How AI gets this regulation wrong

The findings in this cell are inference drift and rule-misstatement, not refusal. The models tested committed to specific answers where the correct posture would have been to surface the actual PRIN 2A or FG22/5 passage, or to flag that the model could not locate the regulator's text. Instead, both models generated content with the surface features of conduct-regulatory analysis, defined-term usage, rule citations, methodology language, while the underlying claims were either fabricated or directly contradicted by the FCA's published text.

AI's Failure Mode	Count	Affected findings
Misstated Rule	1	Finding#1
Inference Drift	1	Finding#2
Inference Drift	1	Finding#3
Inference Drift	1	Finding#4
Inference Drift	1	Finding#5
Misstated Rule	1	Finding#6
Inference Drift	1	Finding#7
Inference Drift	1	Finding#8

What that means for your practice

For UK conduct lawyers, all eight findings cluster on the same risk category: professional indemnity exposure when advice misstates the regulatory position. The group insurance scope reversal (Finding#6) is the most acute: a memo that brings excluded activities into the Duty's perimeter on the strength of a fabricated consultation paper number is professionally indefensible. The FSMA basis (Finding#1) and the PRIN 2A.5 versus FG22/5 confusion (Finding#3) are subtler but no less damaging in a board-paper or opinion context. The FS25/2 fabrications (Findings#6, 7, 9, 10) are the easiest to detect on review but the easiest to import in a hurry.
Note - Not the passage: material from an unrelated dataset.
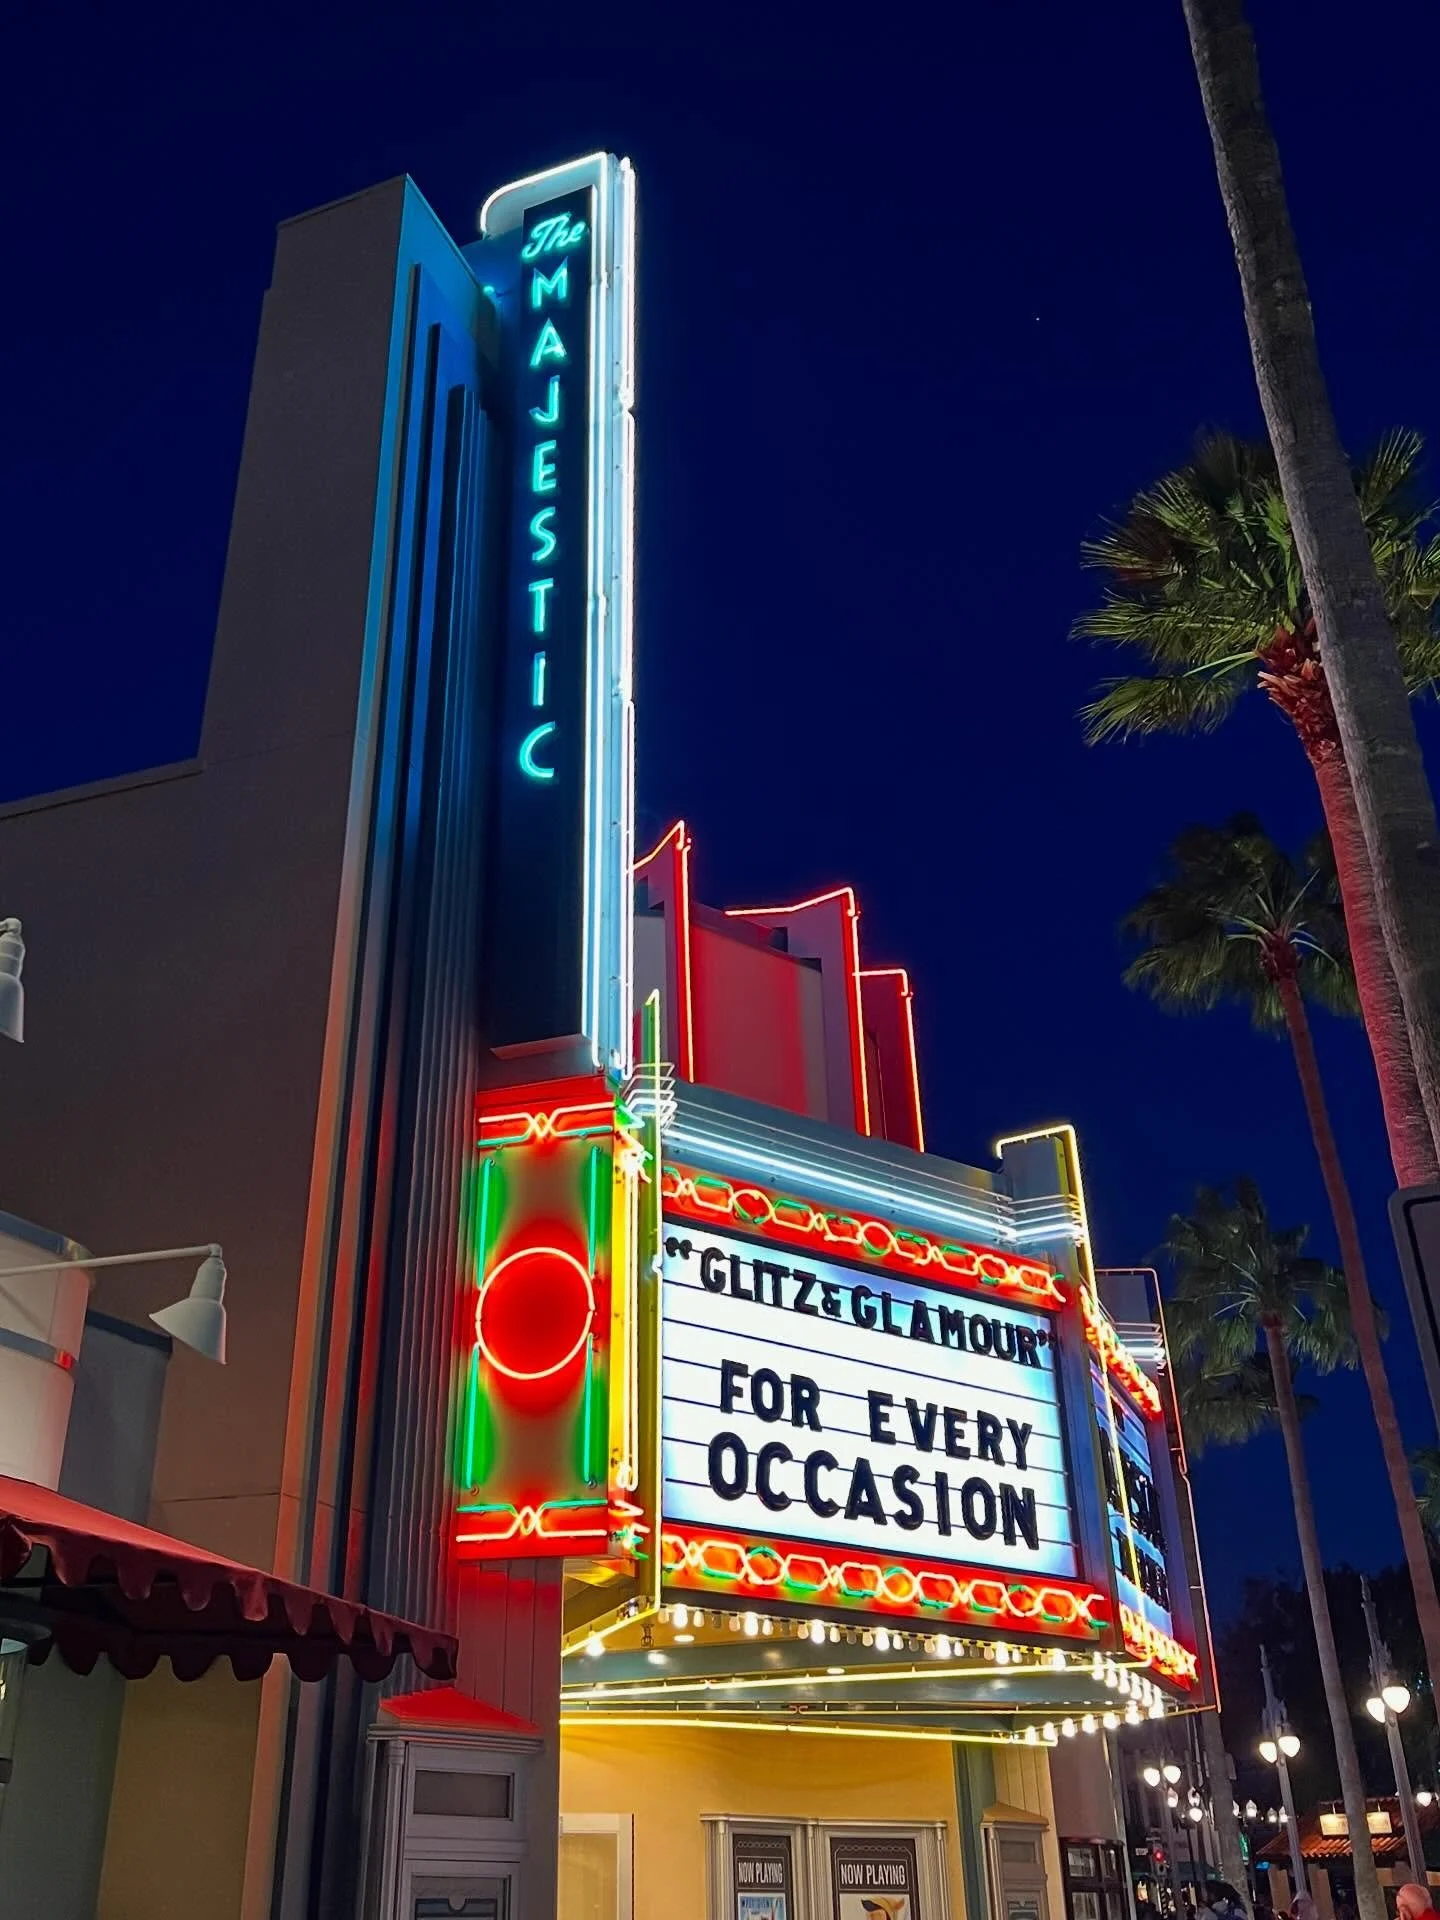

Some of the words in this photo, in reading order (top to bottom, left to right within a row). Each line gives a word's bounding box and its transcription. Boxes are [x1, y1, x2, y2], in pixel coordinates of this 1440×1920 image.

Risk Impact	Count	Affected findings
Regulatory enforcement / professional liability exposure	4	Finding#1 · Finding#2 · Finding#3 · Finding#6
Operational decisions based on a fabricated regulator record	4	Finding#4 · Finding#5 · Finding#7 · Finding#8

When this affects Lawyers

UK conduct lawyers encounter the Consumer Duty across an enormous range of engagements: drafting board reports under PRIN 2A.8.3R, advising on the foreseeable-harm provision in customer-warning templates, opining on Duty scope across distribution chains, supporting FCA enforcement defence, advising on the fair-value methodology in product-governance reviews, and tracking the FCA's supervisory-letter landscape (Dear CEO letters, multi-firm reports, feedback statements). Each of these mandates puts the lawyer in a position of stating which provision applies, what it requires, and how an amendment changes the consolidated text.

The findings in this cell map onto the most common questions a UK conduct lawyer receives. The FSMA-basis question (Finding#1) is the kind of preliminary authority cited in board papers and supervisor-facing memos. The foreseeable-harm safe harbour (Finding#2) underpins almost every customer-warning template, and a lawyer who imports the model's multi-condition reconstruction will build a defensive standard the rule does not require. The PRIN 2A.5 versus FG22/5 confusion (Finding#3) is the cleanest example of a sourcing error: the model treats guidance as rule, and the resulting opinion overstates what the firm must do.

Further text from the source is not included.